Example 2: So for example, I run a small business that sells computers. You run a small business that sells mice and keyboards. I have worked with you before so I mark you as trusted in my local website, which federates with yours, showing your products in my shop. If a customer buys my computer and buys your keyboard on top, my site sends you a buy order with customer address and payment. I get a small fee for my electricity of say 1%.
Can someone try and poke holes in this idea? It feels like this could work!
Have a nice weekend.
Closest we’ve got right now is Flohmarkt, right? If they haven’t already been working on some kinda trust system, they’re probably taking code contributions. I saw somewhere else somebody suggested Loops integration for it, so they could have something like the tiktok shop. I mean capitalism is garbage, but unfortunately we do currently gotta buy stuff occasionally, and it would be nice if that experience sucked less.
Flohmarkt is nice if a little small atm but of course it is very new. I’ll check if it would work to implement their api in a normal website/shop. because my point also is to make people independent from each other so that no single entity can control them. in this case I mean if flohmarkt got “outlawed” for example because lobbyists and such, websites would prevail, i hope.
Thanks for participating.
Philosophically, the classified ad model (a bit like Etsy or eBay without auctions, where you are just an introduction service) seems more in keeping with the Fediverse and has a lot less hassles than trying to replicate Amazon with all it’s storage and shipping.

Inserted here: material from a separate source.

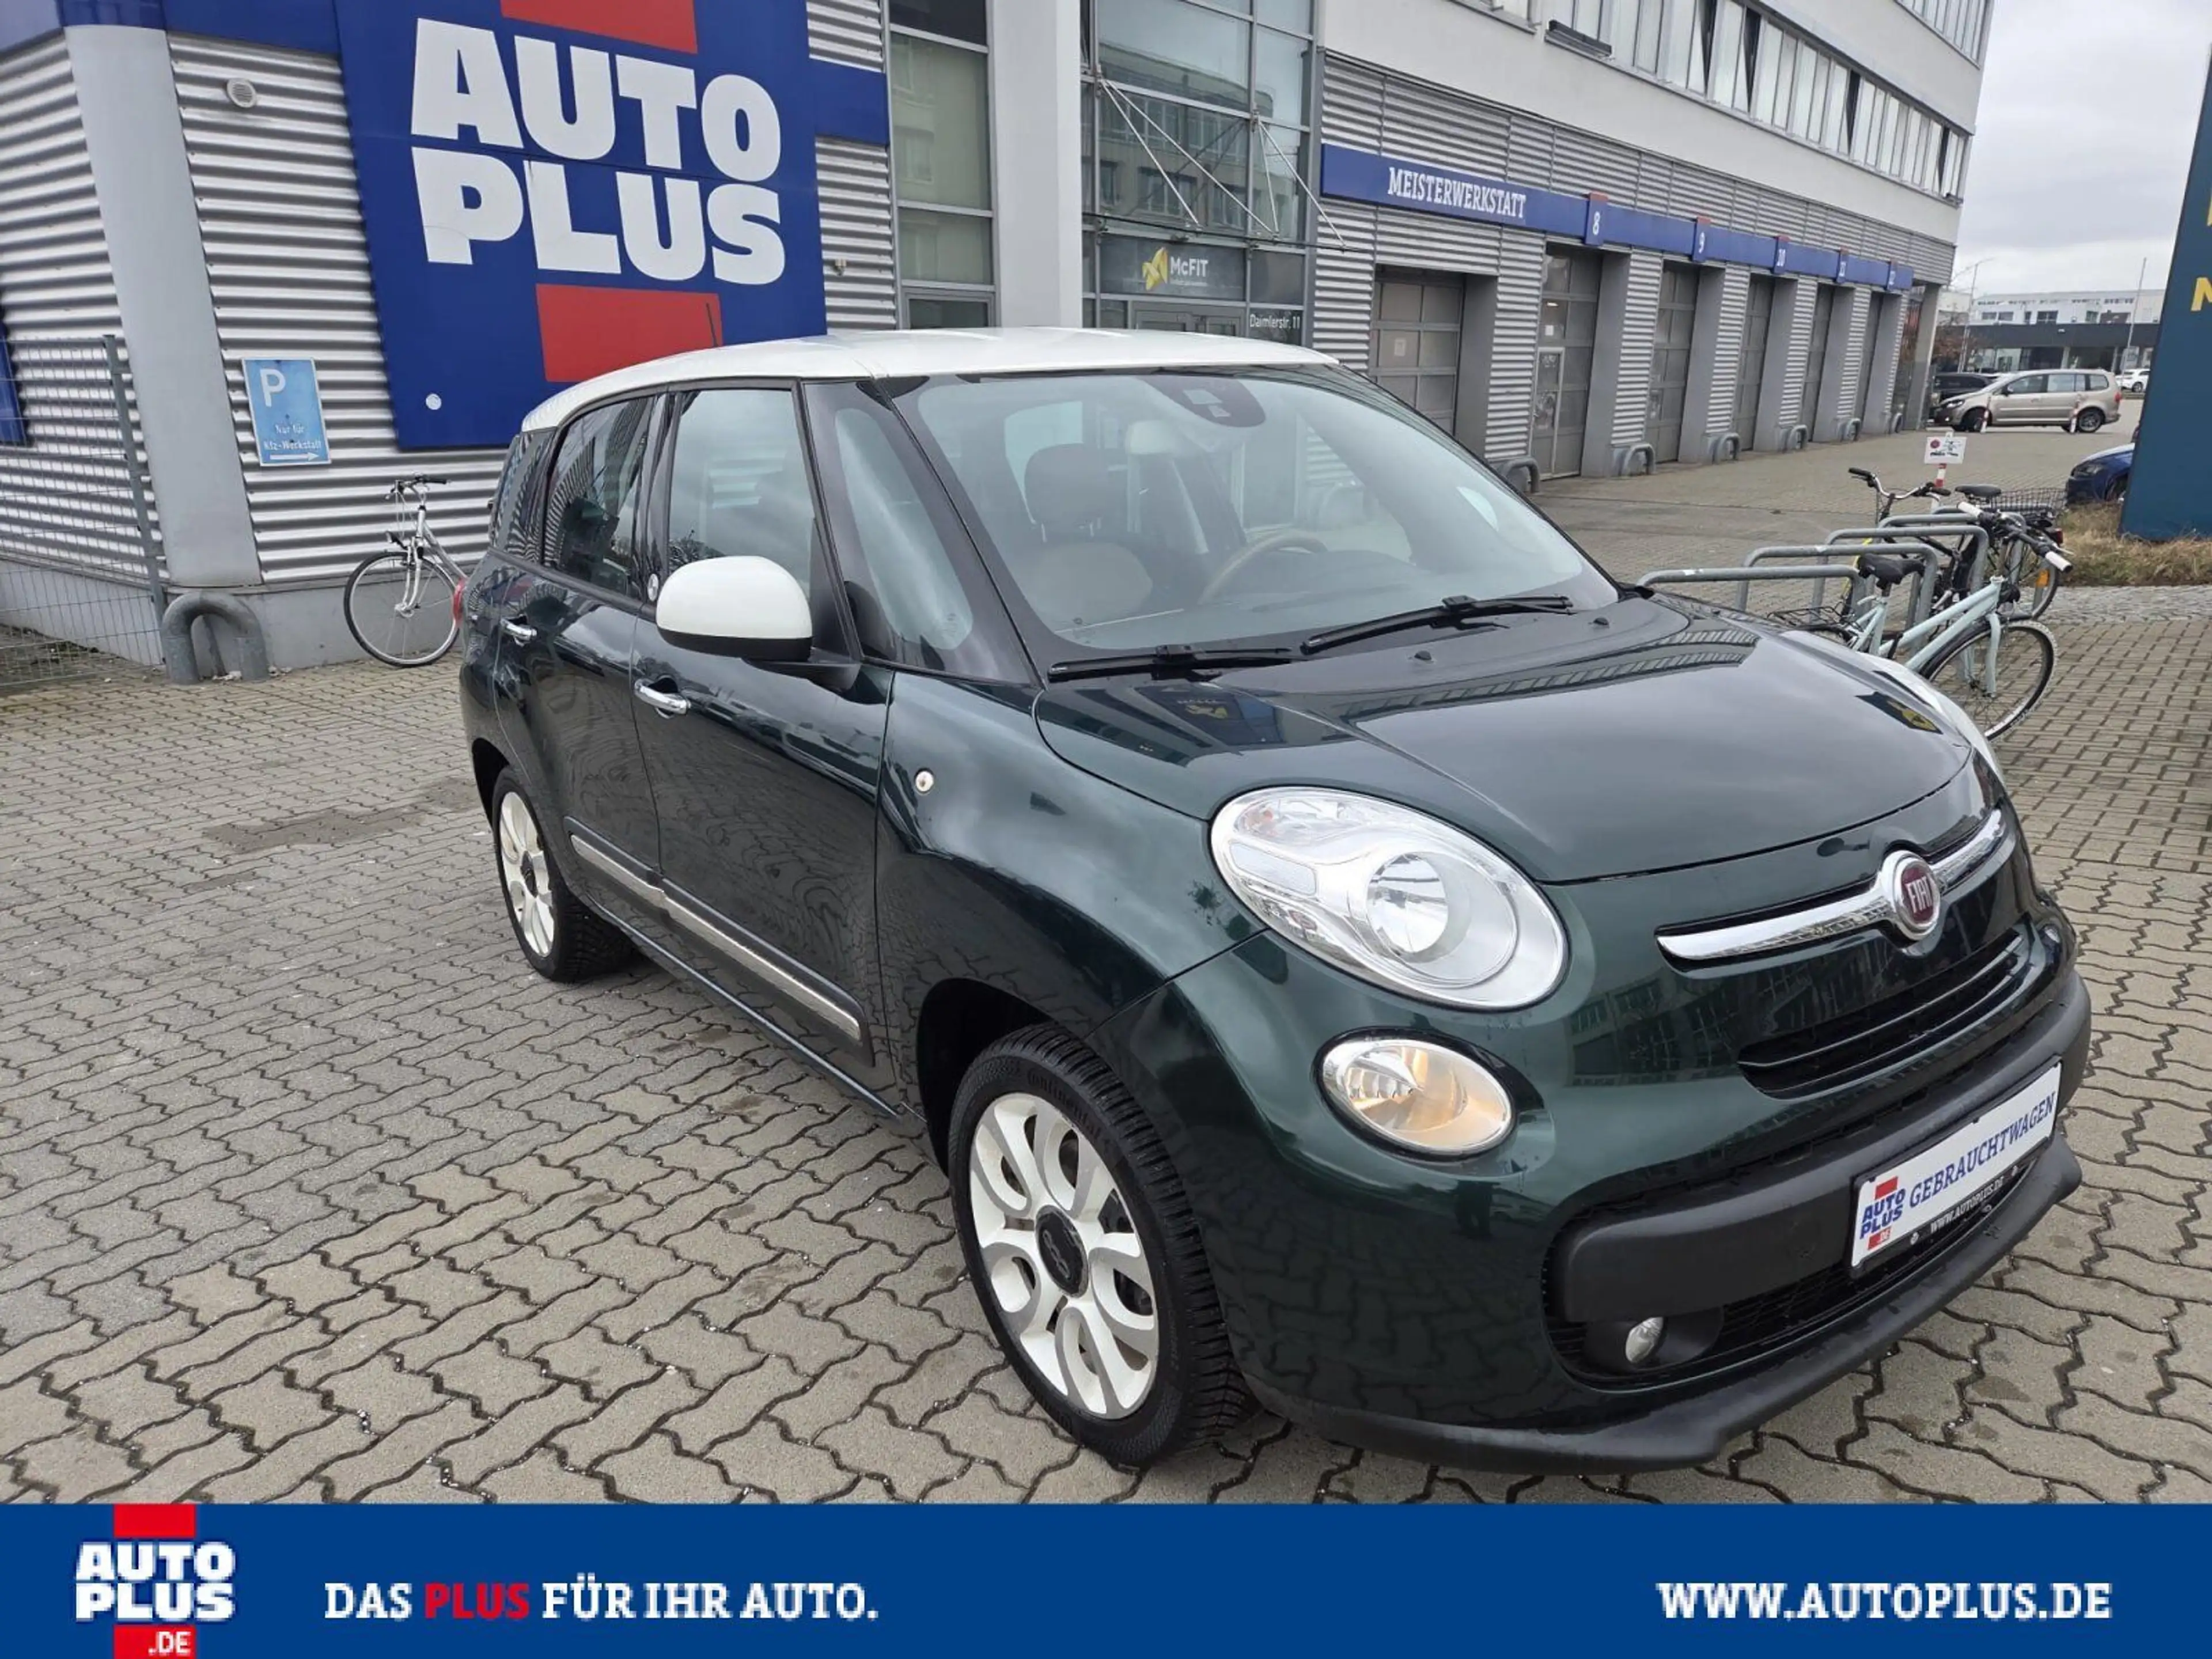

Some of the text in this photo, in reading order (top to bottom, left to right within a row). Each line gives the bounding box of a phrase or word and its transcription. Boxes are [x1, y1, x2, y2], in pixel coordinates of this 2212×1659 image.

What I’d like to see is more seamless integration of !flohmarkt@lemmy.ca into other Fediverse services.
So someone has a blog for their writing on WordPress or Ghost but can run a sidebar or footer with links to Flohmarkt where people can buy a signed copy or special edition directly. Or you have it working with !neodb@lemmy.zip where users can read a review of a film and click through to see if anyone has a copy of the Blu-ray on Flohmarkt.
Equally, !friendica@lemmy.ca is a kind of Facebook replacement and Flohmarkt could slot in there as a Marketplace replacement.
In general we probably need more plug-ins in Fediverse services to help integrate things more tightly and Flohmarkt seems the kind of thing that would work well when slotted into a lot of other existing services.
That would be very difficult to do with a decentralised service.
I agree on all points except the last. It is no problem to outlaw something and disrupting fediverse instances is no problem either. With websites that is a whole different ballgame because they are manifold.
Instances are websites.
No, they are not.
Instances have websites but the bulk of the fediverse is done on a completely different layer, even a different port.
Fediverse instances are clusters of microservices. They usually include a database, a frontend and a backend. The backend is where the api is and where federation requests come in and go out. Thats where the magic happens.
If you want to test this, just disable the webserver (frontend) and watch the instance still working. You can also see this working when you look at the different frontends of some bigger lemmy instances for example.
We coiod think of an integration with all main ecommerce platforms like:
WooCommerce X Cart PrestaShop OpenCart osCommerce Joomla Zen Cart VirtueMart (Joomla) Drupal Commerce (Drupal) KonaKart PimCore
https://www.ecommerceceo.com/open-source-ecommerce/
That would probably jumpstart the adoption. Good point.